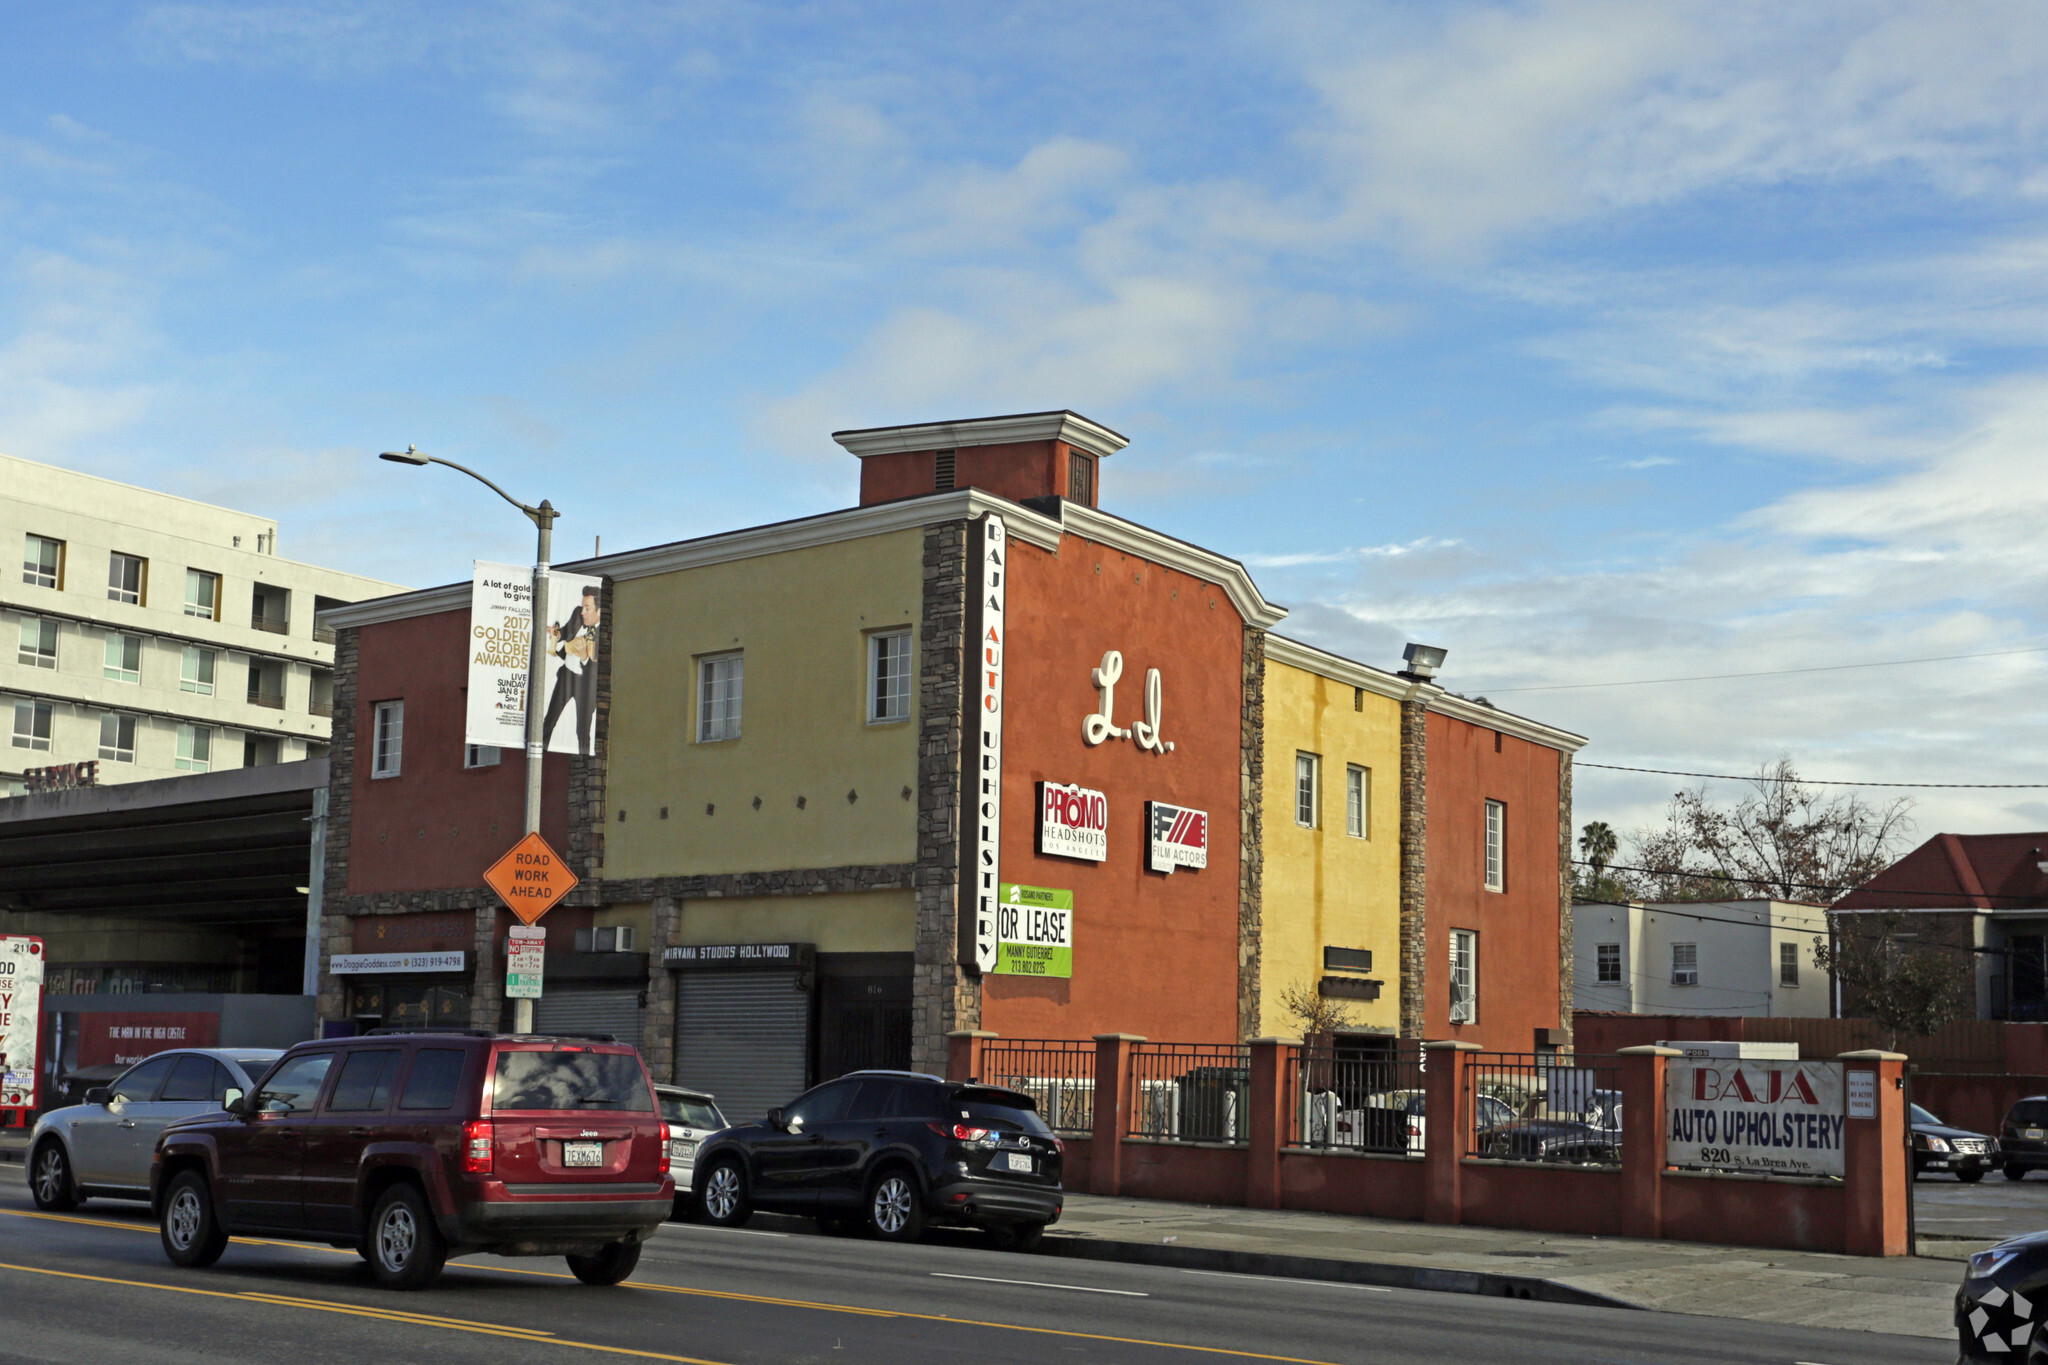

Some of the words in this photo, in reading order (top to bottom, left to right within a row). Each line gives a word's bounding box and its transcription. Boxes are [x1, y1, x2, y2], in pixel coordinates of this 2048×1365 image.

[985, 523, 1002, 612] BAJA
[491, 580, 501, 588] lot
[513, 585, 530, 593] gold
[513, 593, 530, 601] give
[504, 616, 530, 629] 2017
[473, 625, 530, 643] GOLDEN
[485, 640, 529, 657] GLOBE
[474, 652, 528, 670] AWARDS
[511, 673, 527, 681] LIVE
[985, 625, 1000, 714] AUTO
[497, 679, 526, 688] SUNDAY
[23, 761, 99, 789] SERVICE
[1045, 787, 1105, 831] PROMO
[1044, 826, 1105, 847] HEADSHOTS
[978, 731, 998, 960] UPHOLSTERY
[1043, 841, 1060, 849] LOS
[1066, 845, 1105, 857] ANGELES
[516, 853, 550, 866] ROAD
[1152, 845, 1171, 858] FILM
[1173, 849, 1206, 865] ACTORS
[515, 869, 549, 882] WORK
[509, 886, 552, 898] AHEAD
[999, 907, 1018, 940] OR
[1026, 909, 1066, 943] LEASE
[13, 943, 30, 953] 211
[510, 945, 519, 953] NO
[664, 947, 696, 960] NIRVANA
[700, 945, 736, 959] STUDIOS
[740, 945, 790, 958] HOLLYWOOD
[1006, 945, 1026, 957] MANNY
[1026, 946, 1053, 960] GUTIERREZ
[331, 958, 401, 972] www.DoggieGoddess.com
[411, 958, 428, 969] (323)
[430, 956, 461, 967] 919-4798
[109, 1027, 120, 1038] THE
[121, 1027, 133, 1038] MAN
[134, 1027, 140, 1038] IN
[142, 1027, 152, 1038] THE
[153, 1027, 165, 1039] HIGH
[167, 1027, 186, 1039] CASTLE
[115, 1054, 125, 1064] Our
[1691, 1067, 1819, 1105] BAJA
[1672, 1108, 1717, 1144] AUTO
[1723, 1110, 1844, 1150] UPHOLSTERY
[566, 1150, 601, 1163] 7EXM676
[1701, 1148, 1730, 1164] 820
[1734, 1155, 1744, 1165] S.
[1746, 1156, 1760, 1166] La
[1762, 1157, 1787, 1168] Brea
[1788, 1159, 1811, 1170] Ave.
--
Repeat every record above exactly. The pictures do not belong in the copy.

Some of the words in this photo, in reading order (top to bottom, left to right within a row). Each line gives a word's bounding box and its transcription. Boxes are [x1, y1, x2, y2], in pixel coordinates of this 2048×1365 image.

[985, 523, 1002, 612] BAJA
[491, 580, 501, 588] lot
[513, 585, 530, 593] gold
[513, 593, 530, 601] give
[504, 616, 530, 629] 2017
[473, 625, 530, 643] GOLDEN
[485, 640, 529, 657] GLOBE
[474, 652, 528, 670] AWARDS
[511, 673, 527, 681] LIVE
[985, 625, 1000, 714] AUTO
[497, 679, 526, 688] SUNDAY
[23, 761, 99, 789] SERVICE
[1045, 787, 1105, 831] PROMO
[1044, 826, 1105, 847] HEADSHOTS
[978, 731, 998, 960] UPHOLSTERY
[1043, 841, 1060, 849] LOS
[1066, 845, 1105, 857] ANGELES
[516, 853, 550, 866] ROAD
[1152, 845, 1171, 858] FILM
[1173, 849, 1206, 865] ACTORS
[515, 869, 549, 882] WORK
[509, 886, 552, 898] AHEAD
[999, 907, 1018, 940] OR
[1026, 909, 1066, 943] LEASE
[13, 943, 30, 953] 211
[510, 945, 519, 953] NO
[664, 947, 696, 960] NIRVANA
[700, 945, 736, 959] STUDIOS
[740, 945, 790, 958] HOLLYWOOD
[1006, 945, 1026, 957] MANNY
[1026, 946, 1053, 960] GUTIERREZ
[331, 958, 401, 972] www.DoggieGoddess.com
[411, 958, 428, 969] (323)
[430, 956, 461, 967] 919-4798
[109, 1027, 120, 1038] THE
[121, 1027, 133, 1038] MAN
[134, 1027, 140, 1038] IN
[142, 1027, 152, 1038] THE
[153, 1027, 165, 1039] HIGH
[167, 1027, 186, 1039] CASTLE
[115, 1054, 125, 1064] Our
[1691, 1067, 1819, 1105] BAJA
[1672, 1108, 1717, 1144] AUTO
[1723, 1110, 1844, 1150] UPHOLSTERY
[566, 1150, 601, 1163] 7EXM676
[1701, 1148, 1730, 1164] 820
[1734, 1155, 1744, 1165] S.
[1746, 1156, 1760, 1166] La
[1762, 1157, 1787, 1168] Brea
[1788, 1159, 1811, 1170] Ave.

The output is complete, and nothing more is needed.